In recent years, protests atop mobile towers and community water tanks have become frequent, and even fatal, in Punjab.

Akin to what actor Dharmendra, who also incidentally hails from Punjab, did in the 1975 blockbuster movie “Sholay” to get his demands fulfilled, protesters, mostly unemployed youths seeking government jobs, have been literally taking their protests a notch higher.

Be it unemployed teachers, women, employees or other ‘protesting’ groups, community water tanks have become a rallying point for many of them in recent years.

The protesters just climb up the water tanks, some of them as high as 100 feet, and perch themselves there to press their demands. In recent years, protesters have climbed water tanks in Bathinda, Kapurthala and other places.

In certain cases, people have lost their lives while some have received injuries.

In June 2010, two unemployed women teachers were seriously injured when they jumped from the top of a 90-foot water tank near Bathinda town, 250 km from state capital Chandigarh.
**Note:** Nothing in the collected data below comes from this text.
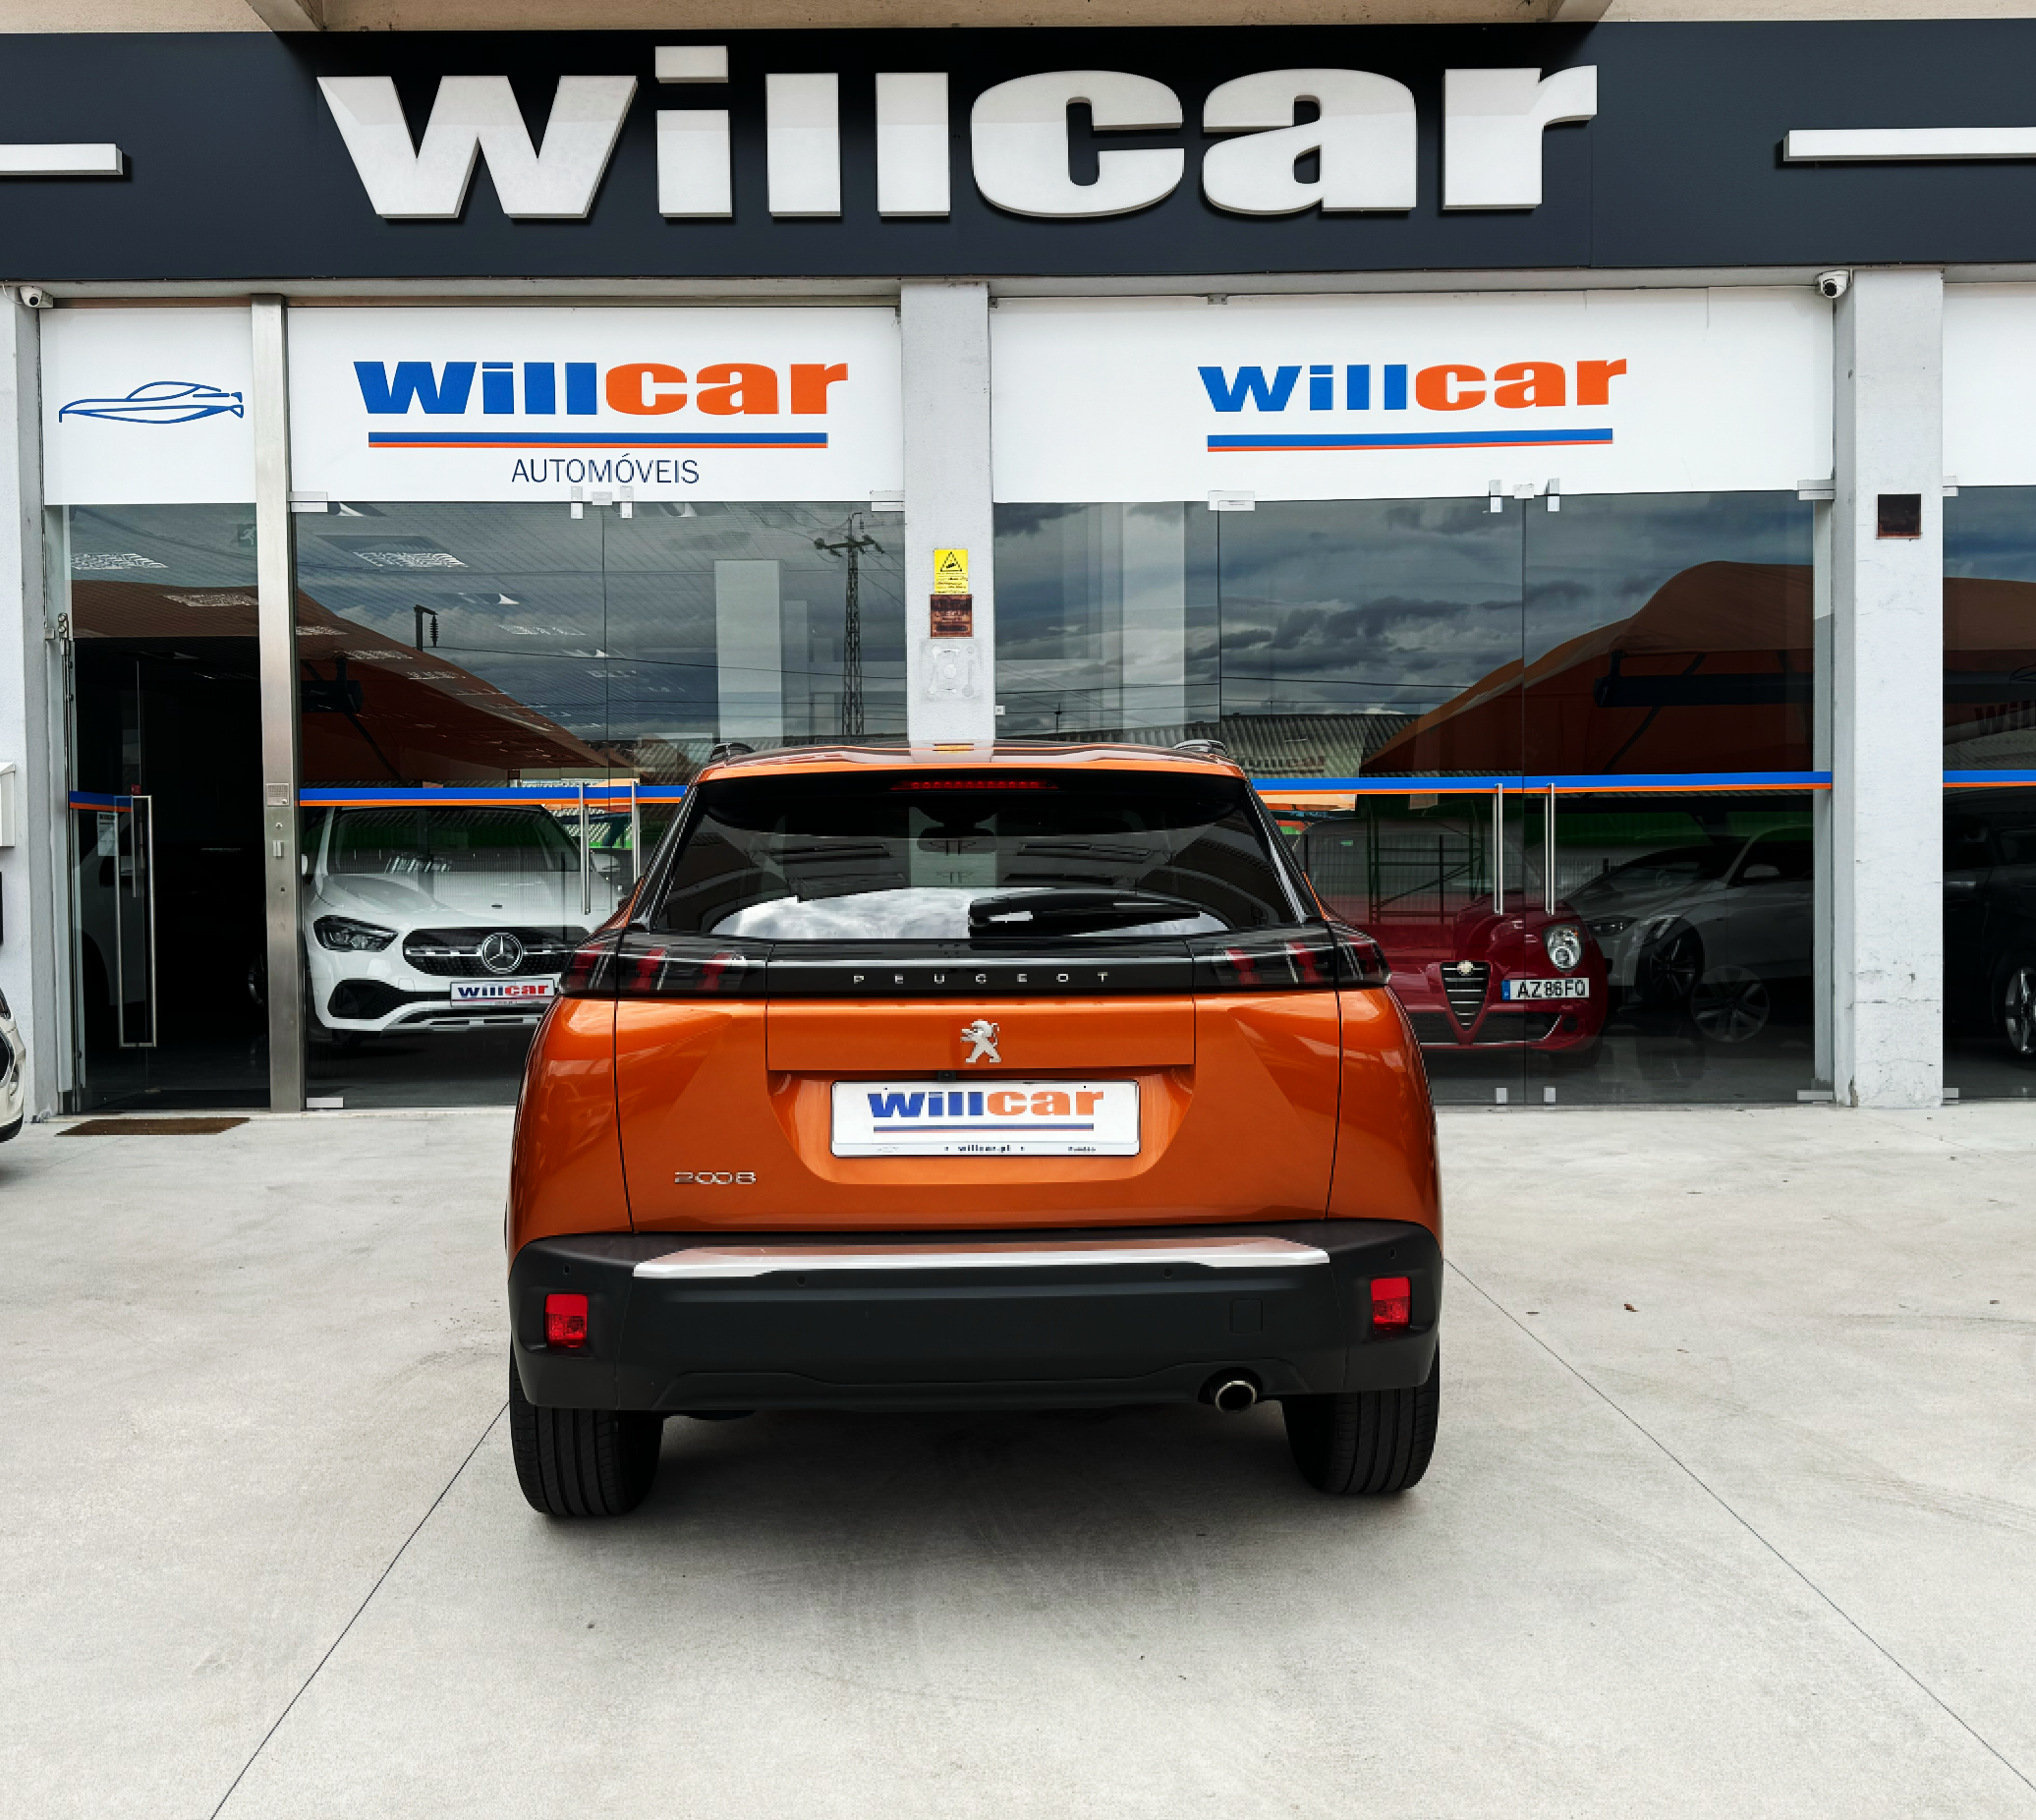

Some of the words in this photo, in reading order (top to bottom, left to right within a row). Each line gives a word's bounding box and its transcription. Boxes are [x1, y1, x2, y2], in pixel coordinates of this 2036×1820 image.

[317, 44, 1598, 222] willcar
[354, 361, 848, 415] willcar
[1198, 359, 1626, 412] willcar
[511, 453, 700, 483] AUTOMÓVEIS
[458, 985, 549, 997] willcar
[853, 971, 1109, 984] PEUGEOT
[868, 1091, 1104, 1117] willcar
[674, 1171, 757, 1185] 2008
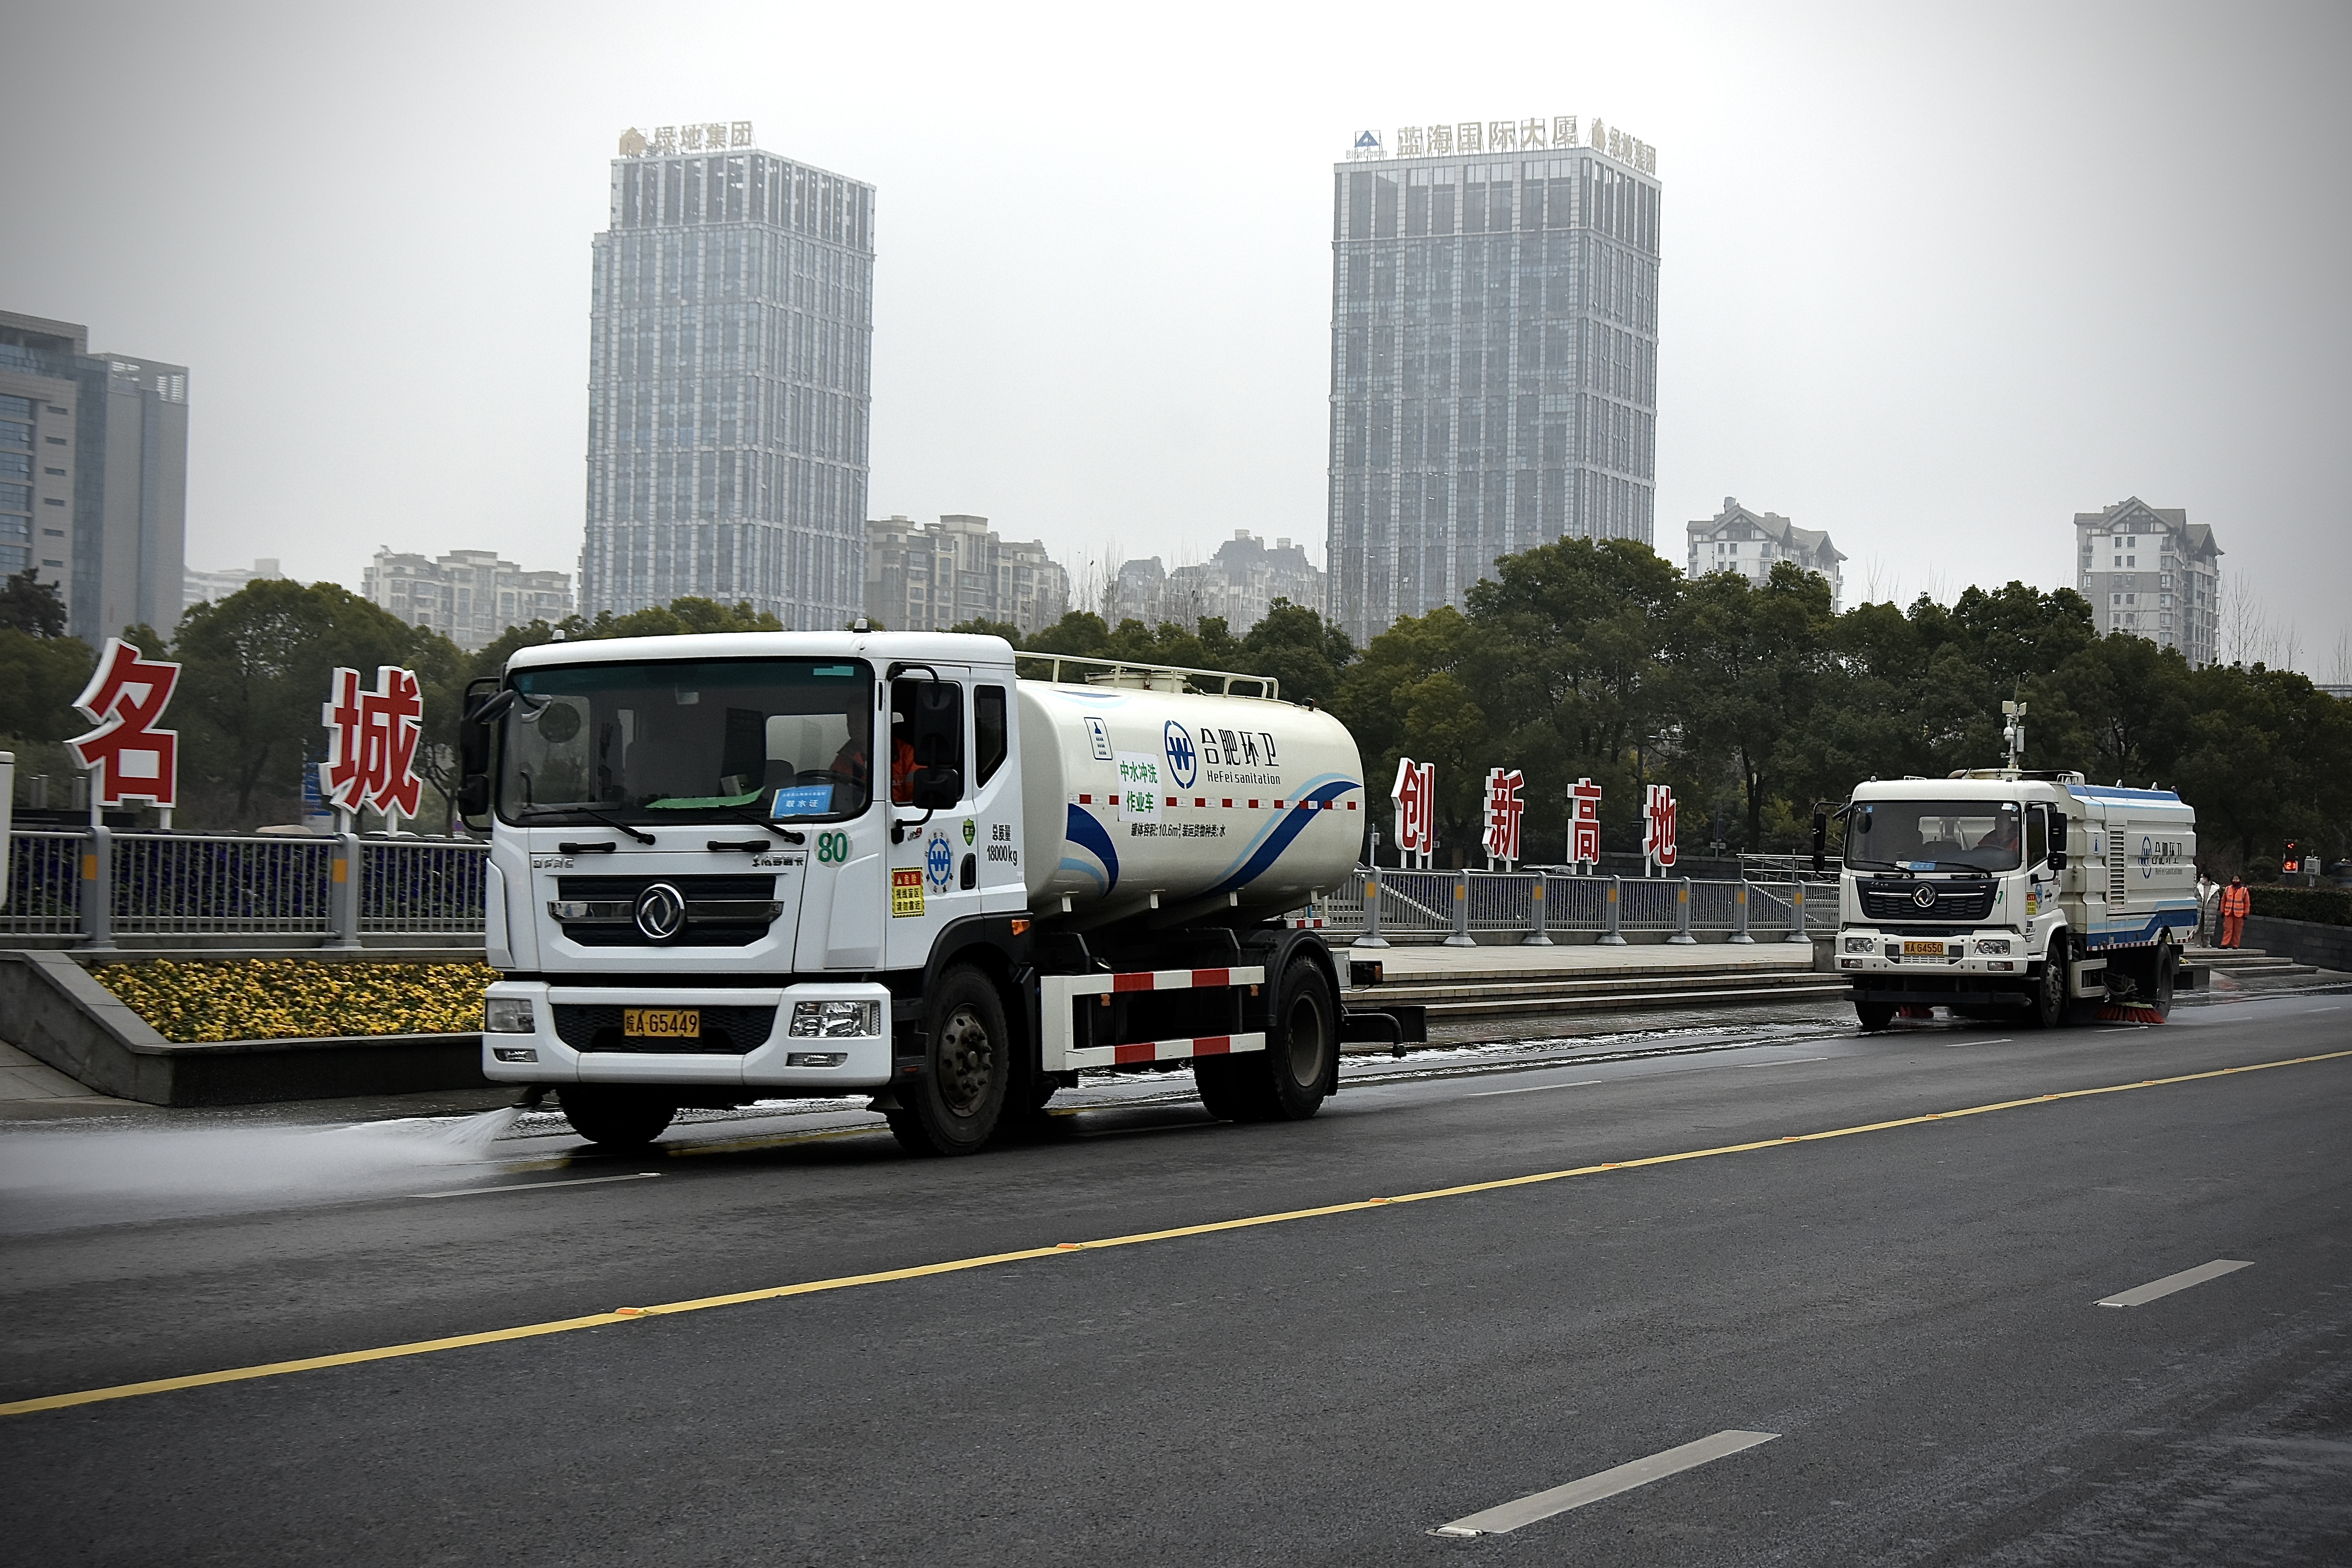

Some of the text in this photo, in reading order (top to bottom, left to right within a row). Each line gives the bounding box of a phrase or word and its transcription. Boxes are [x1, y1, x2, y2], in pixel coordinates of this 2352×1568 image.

[654, 120, 752, 153] 绿地集团
[1397, 115, 1577, 156] 蓝海国际大厦
[1200, 728, 1279, 767] 合肥环卫
[1120, 760, 1158, 784] 中水冲洗
[1207, 770, 1281, 785] HeFei sanitation
[1126, 790, 1154, 813] 作业车
[818, 832, 848, 863] 80
[987, 845, 1018, 866] 18000kg
[2285, 862, 2297, 870] 21
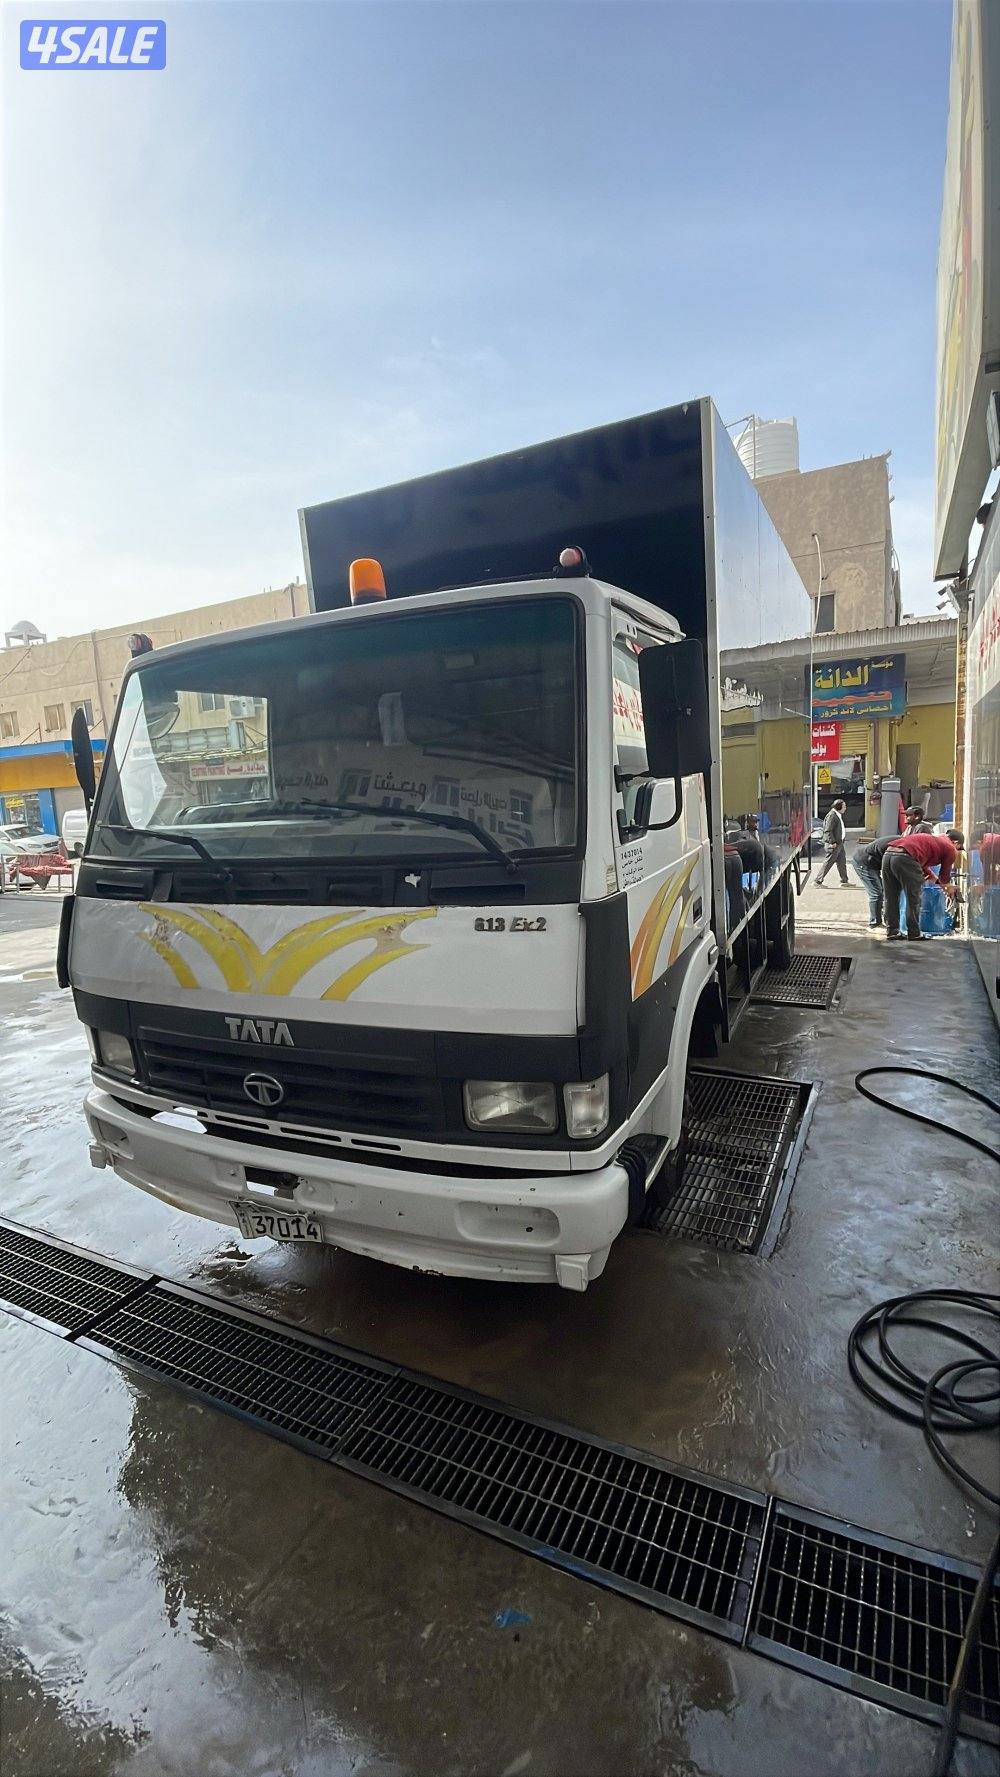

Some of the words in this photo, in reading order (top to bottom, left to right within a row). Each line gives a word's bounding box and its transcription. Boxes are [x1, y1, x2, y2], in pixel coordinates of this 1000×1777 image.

[814, 665, 869, 689] الدانة
[474, 917, 506, 932] 613
[224, 1016, 295, 1047] TATA
[251, 1215, 318, 1240] 37014
A woman teacher, Kiranjit Kaur of Faridkot, had set herself on fire in Kapurthala town, 180 km from Chandigarh, in February 2010 after the state government failed to honour its promise to meet the demands of teachers under Education Guarantee Scheme (EGS).

She was one of the four protesting EGS women teachers who had climbed the tower-type water tank at the civil hospital complex in Kapurthala to press their demands. Having got 90 per cent burns, she later died of her injuries in a Ludhiana hospital.

In September 2007, nine teachers in Punjab, including five women, did the water tank stunt in Kapurthala town and threatened to jump if their arrested colleagues were not released.

Caught unawares, the local authorities roped in a local unit of the army to spread nets under the tank to save the teachers if they actually jumped. The authorities had to order release of 150 teachers arrested earlier.

While most protests are for genuine causes like getting jobs, such stunts are done even for surprising issues. In March 2012, under-trial prisoner Lakhwinder Pal climbed up the water tank inside the Gurdaspur Central Jail to lodge his protest. He was upset at not ebing allowed to smoke inside the jail. He demanded a cigarette!